Я чувствовала себя настолько сбитой с толку, что молча отослала горгулий обратно к машине и позволила Ёши увлечь меня в зал.

Здесь было темно — горели только номера кресел и полоски, едва-едва освещающие ряды, — и почему-то хотелось говорить шёпотом. Купол неба молчал, головы проекционной машины, закреплённые на сложной системе осей, вращались в чуть слышным шелестом; у самого края девушка в чёрном расчехляла виолончель.

— Но как же расследование? — тихо спросила я, откинувшись в кресле и вцепившись зачем-то в мужскую руку.

— Кто-то здесь вчера уговаривал меня жить, — с иронией сказал Ёши.

— Но чернокнижники…

— Они никуда не убегут, а я обещал сводить тебя в планетарий. В прошлый раз вышло некрасиво.

— Но дела…

— Если думать об одних делах, можно поехать крышей.
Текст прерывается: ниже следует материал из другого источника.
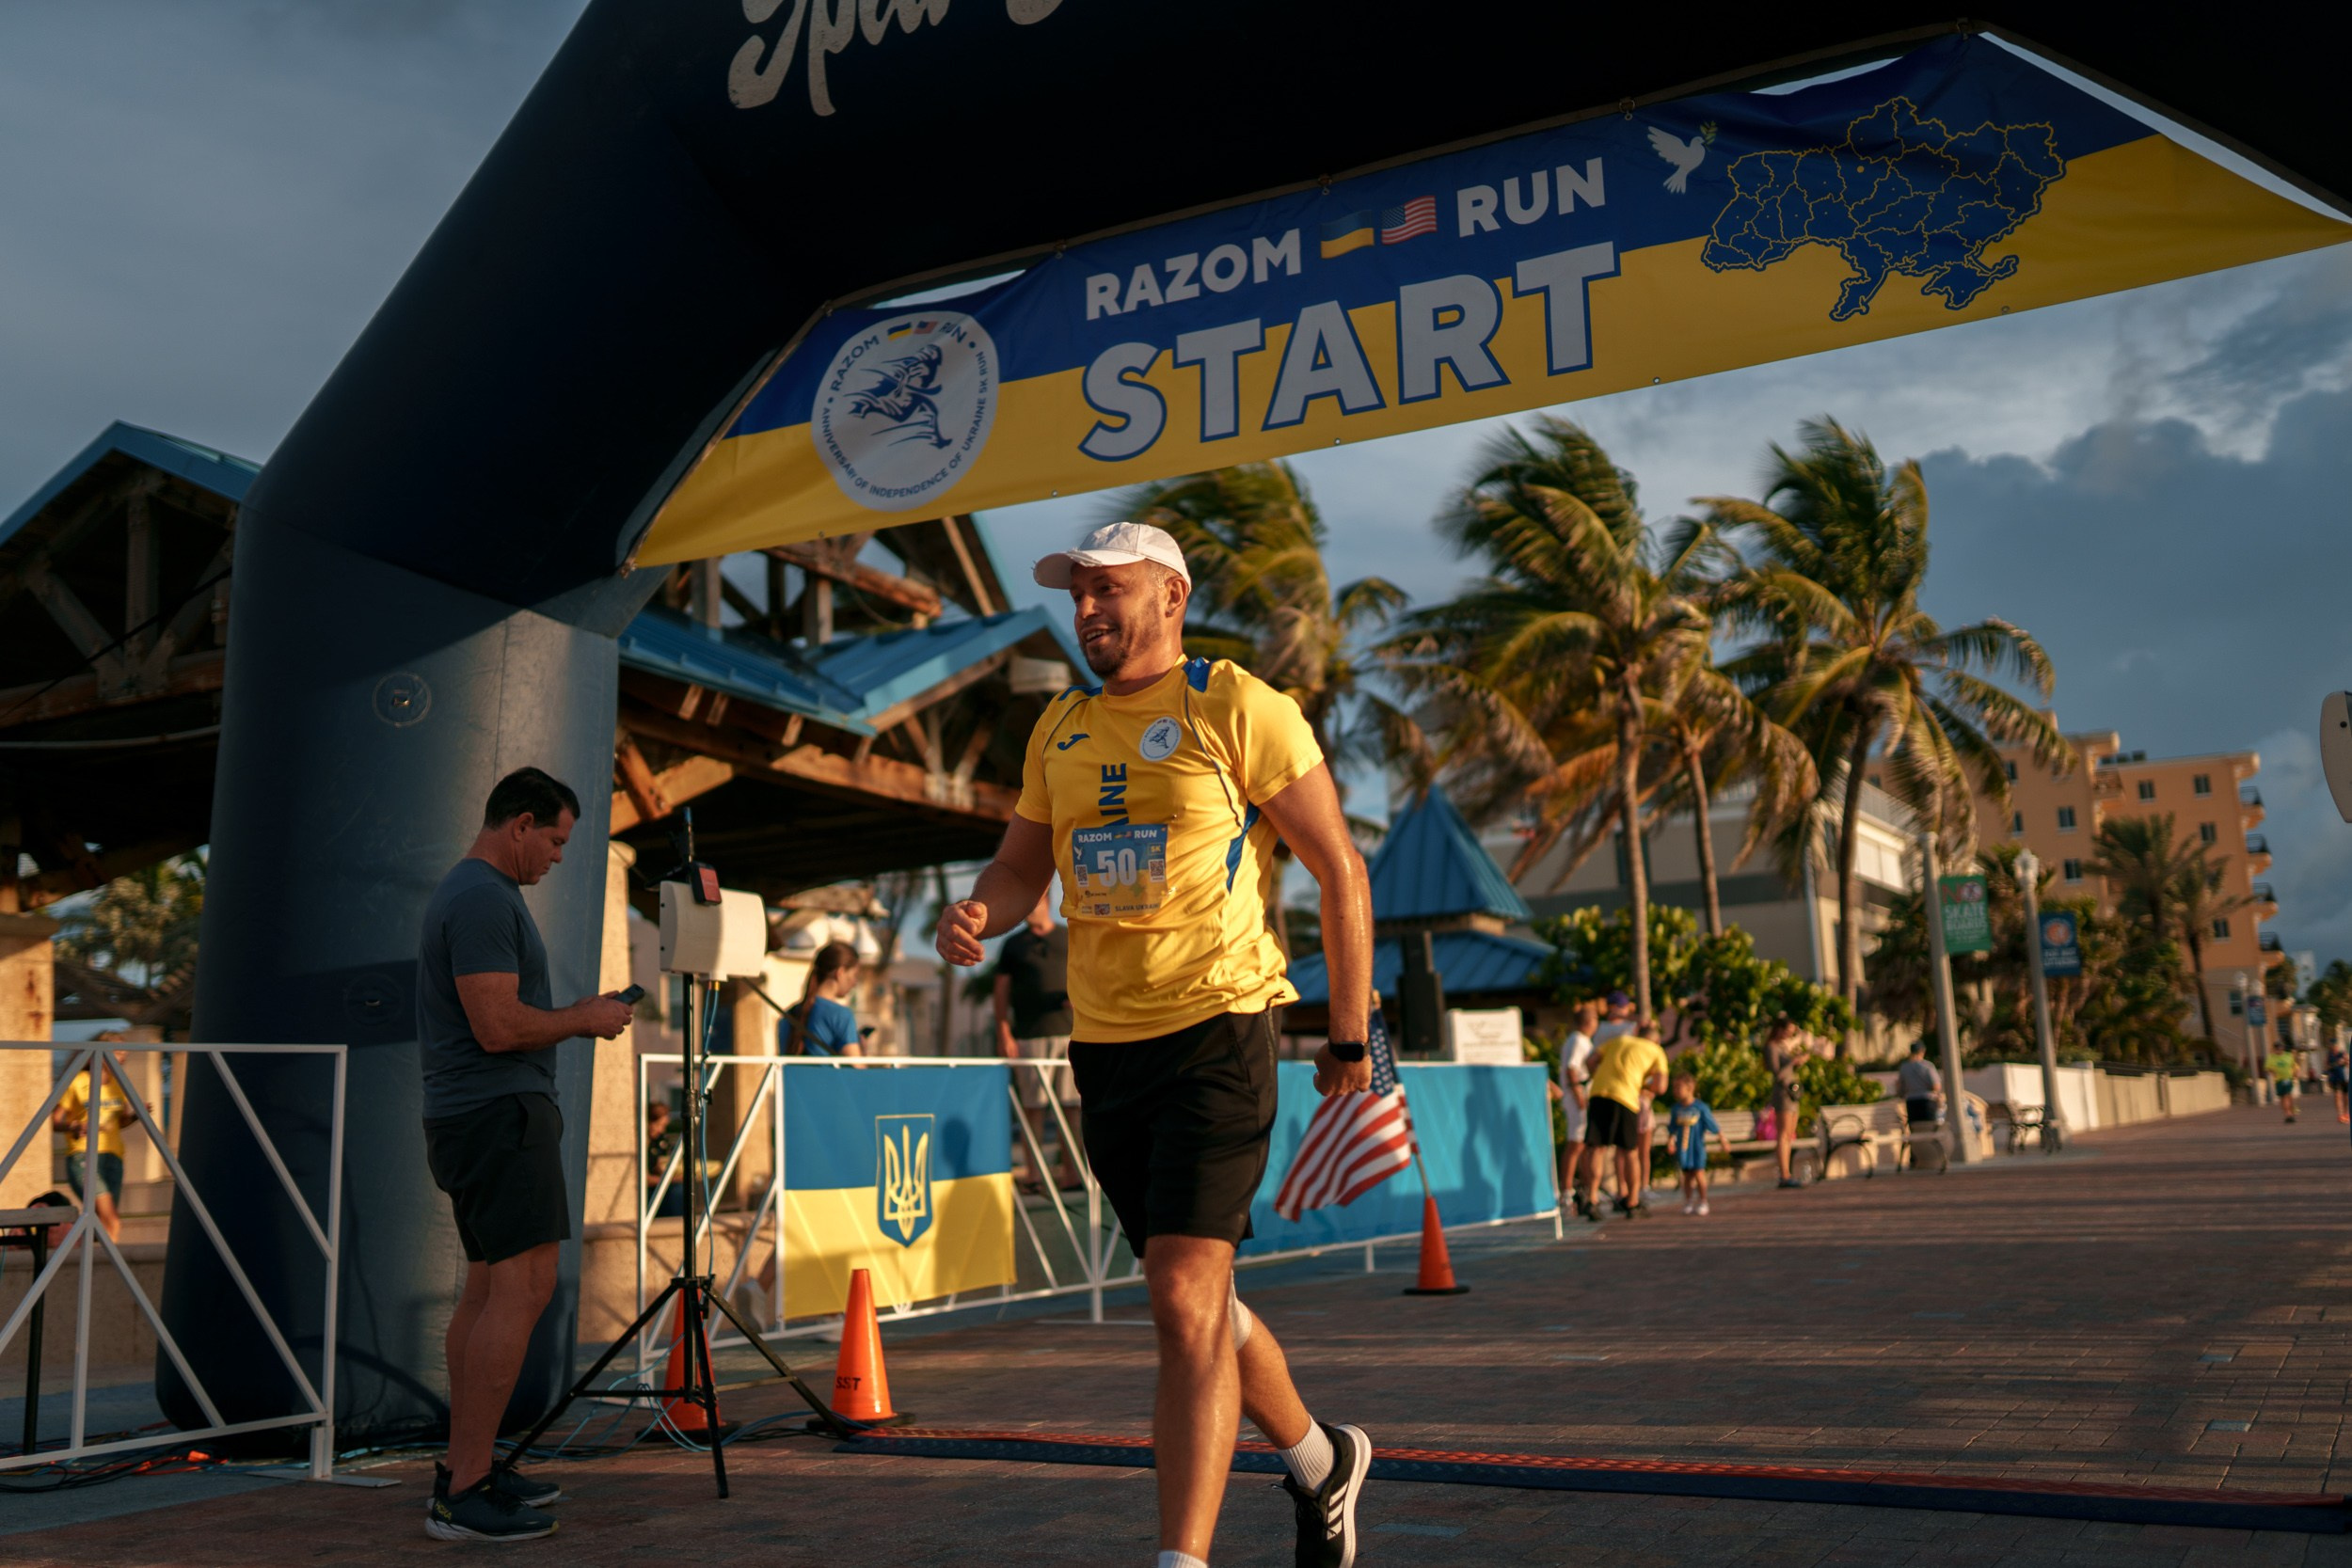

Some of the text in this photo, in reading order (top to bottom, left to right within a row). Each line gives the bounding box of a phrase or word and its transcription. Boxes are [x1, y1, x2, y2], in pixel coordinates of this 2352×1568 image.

Я не успела возразить: двери зала закрылись, и искусственное небо зажглось.

Первая из звёзд кажется белой точкой, тонущей в непроглядной смолянистой Тьме. Её душит, давит чернотой, словно пустота стремится выпить каждую каплю новорожденной жизни. Я знаю эту историю, но что-то во мне болит за эту слабую искру света.

Она может истлеть, потухнуть, сдаться. Но звёзды зажигаются снова, одна за другой. Они приходят, прекрасные и холодные, они светят нам, безразличные, мёртвые, чужие, крутятся по своим законам в бескрайнем стылом космосе и не знают мер расстояния, какие мог бы вообразить человек.

Вот они — яркие точки в бесконечной черноте. Люди придумали видеть в них лица. Люди придумали, будто они умеют улыбнуться.

Они огромны, эти звёзды; они тяжелы и вместе с тем невесомы, ведь что есть вес, если не притяжение? И что есть мы, если не случайное скопление космической пыли, на короткое мгновение вообразившее себя человеком?

— Мы сделаны из звёзд, — журчит, растекаясь по залу, голос ведущего, — и их осколки тянутся туда, в пустоту вселенной.

Только звёзды знают, чего в тебе больше: порыва или системы, агрессии или сочувствия, человеческого или тварного. Только звёзды знают; вот только им — всё равно.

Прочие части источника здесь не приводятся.